Madbouly a appelé à accélérer la finalisation des barèmes tarifaires et des règles d’origine, conditions indispensables à la pleine entrée en vigueur de l’accord tripartite. Il a également insisté sur la libre circulation des capitaux et des investisseurs, qu’il considère comme « un levier déterminant du commerce intra-africain et de la construction d’une économie intégrée ».

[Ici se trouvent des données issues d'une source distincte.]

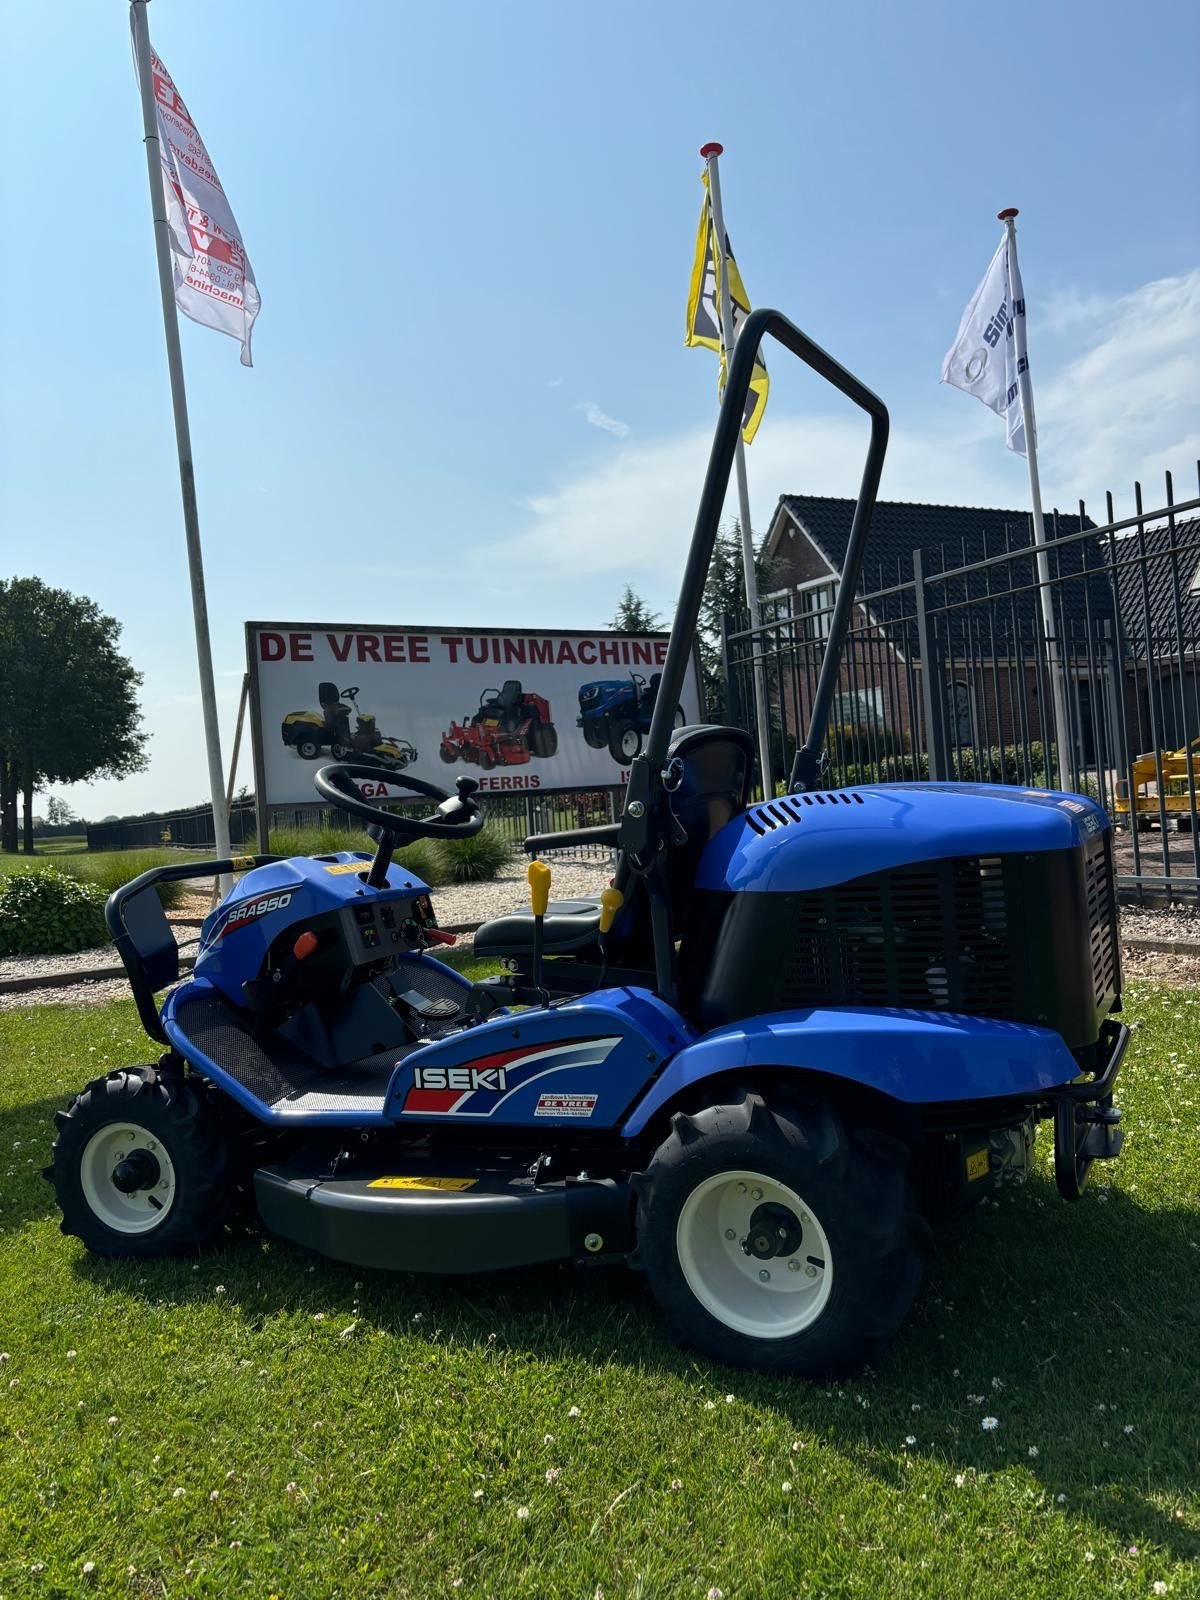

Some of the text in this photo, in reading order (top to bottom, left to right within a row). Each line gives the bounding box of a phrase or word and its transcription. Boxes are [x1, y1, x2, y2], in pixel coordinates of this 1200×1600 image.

[260, 632, 669, 666] DE VREE TUINMACHINE
[361, 782, 389, 797] GA
[479, 775, 541, 791] FERRIS
[228, 893, 292, 924] SRA950
[414, 1067, 507, 1091] ISEKI

Évoquant les défis actuels — ralentissement de la croissance mondiale, endettement, inflation et effets du changement climatique sur la sécurité alimentaire —, le Premier ministre égyptien a plaidé pour « un partenariat africain renforcé fondé sur la transformation de ces défis en opportunités », notamment par le développement du commerce intra-régional, le renforcement des chaînes de valeur locales et la promotion des investissements conjoints du secteur privé.
Madbouly a enfin mis en avant les efforts de l’Égypte pour soutenir la numérisation des échanges, annonçant le lancement de plateformes électroniques régionales destinées à partager les informations et les opportunités d’investissement entre États membres.